WORK ORDER: Nothing but the lines from the one containing "Some of the text" through the final line of the data should be repeated, and each must be exact.

--- PROVIDED RECORDS Enclosed Below ---

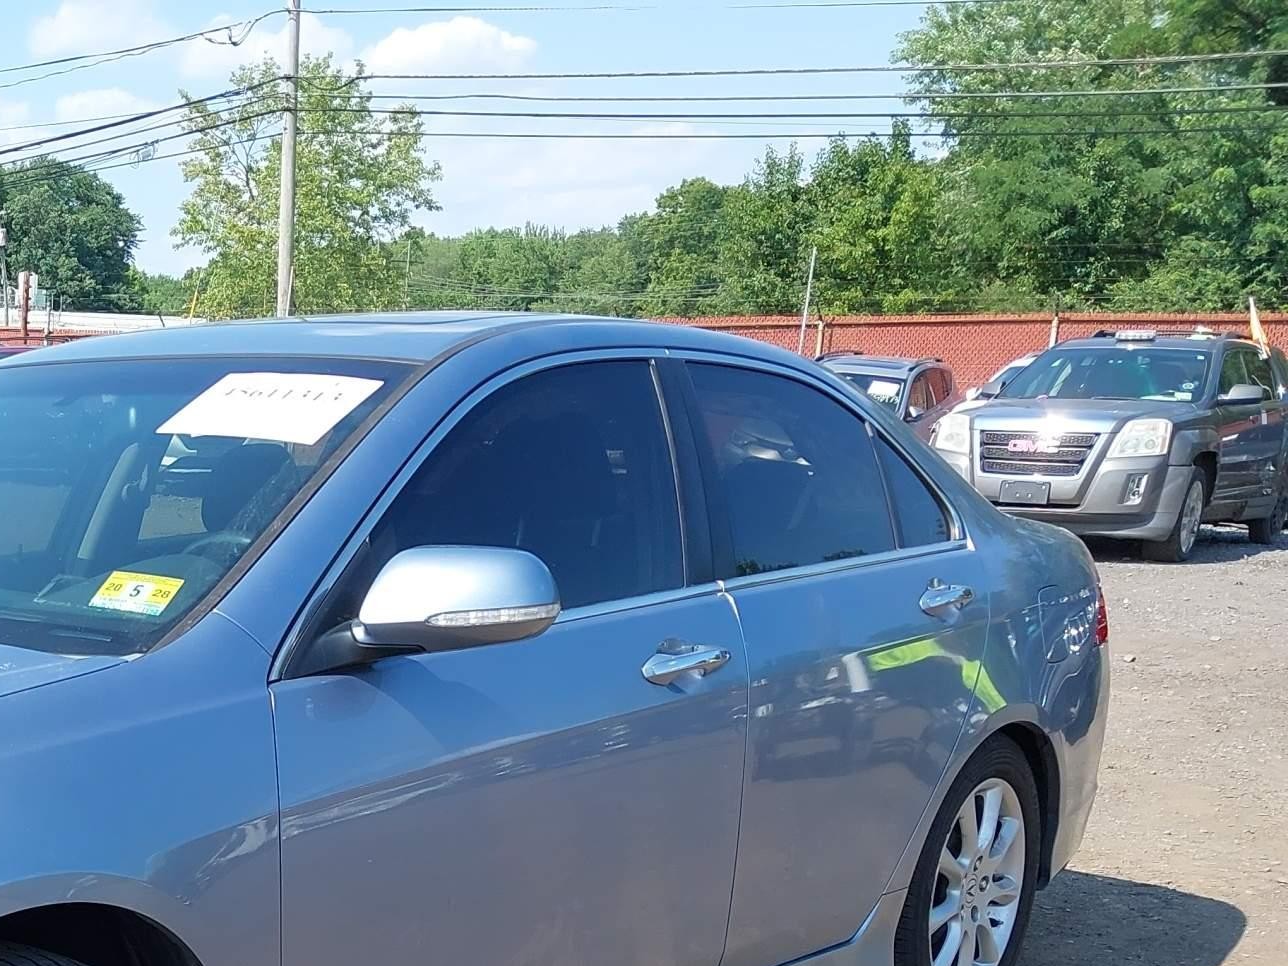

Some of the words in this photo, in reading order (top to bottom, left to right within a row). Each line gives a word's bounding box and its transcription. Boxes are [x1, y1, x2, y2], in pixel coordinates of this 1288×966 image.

[105, 582, 123, 592] 20
[129, 584, 144, 597] 5
[152, 588, 171, 599] 28
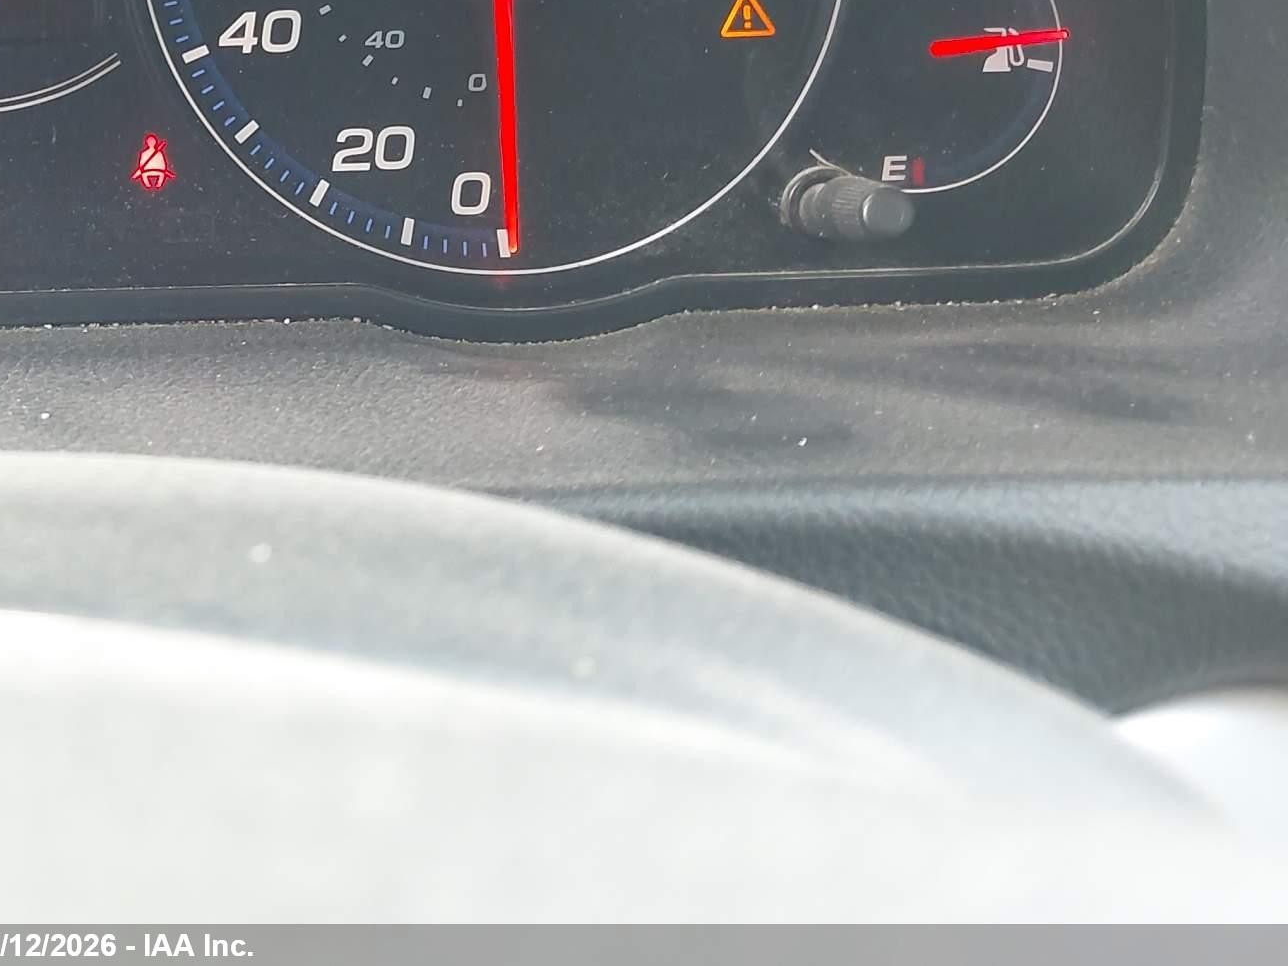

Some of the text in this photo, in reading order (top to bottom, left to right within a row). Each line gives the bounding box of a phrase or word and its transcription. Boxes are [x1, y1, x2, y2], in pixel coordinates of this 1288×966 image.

[218, 9, 302, 54] 40
[365, 30, 405, 50] 40
[468, 73, 487, 92] 0
[331, 125, 415, 171] 20
[881, 155, 907, 181] E
[450, 171, 491, 215] 0

--- End of Enclosed PROVIDED RECORDS ---

SOLUTION FOR THIS PROBLEM:
Some of the text in this photo, in reading order (top to bottom, left to right within a row). Each line gives the bounding box of a phrase or word and its transcription. Boxes are [x1, y1, x2, y2], in pixel coordinates of this 1288×966 image.

[218, 9, 302, 54] 40
[365, 30, 405, 50] 40
[468, 73, 487, 92] 0
[331, 125, 415, 171] 20
[881, 155, 907, 181] E
[450, 171, 491, 215] 0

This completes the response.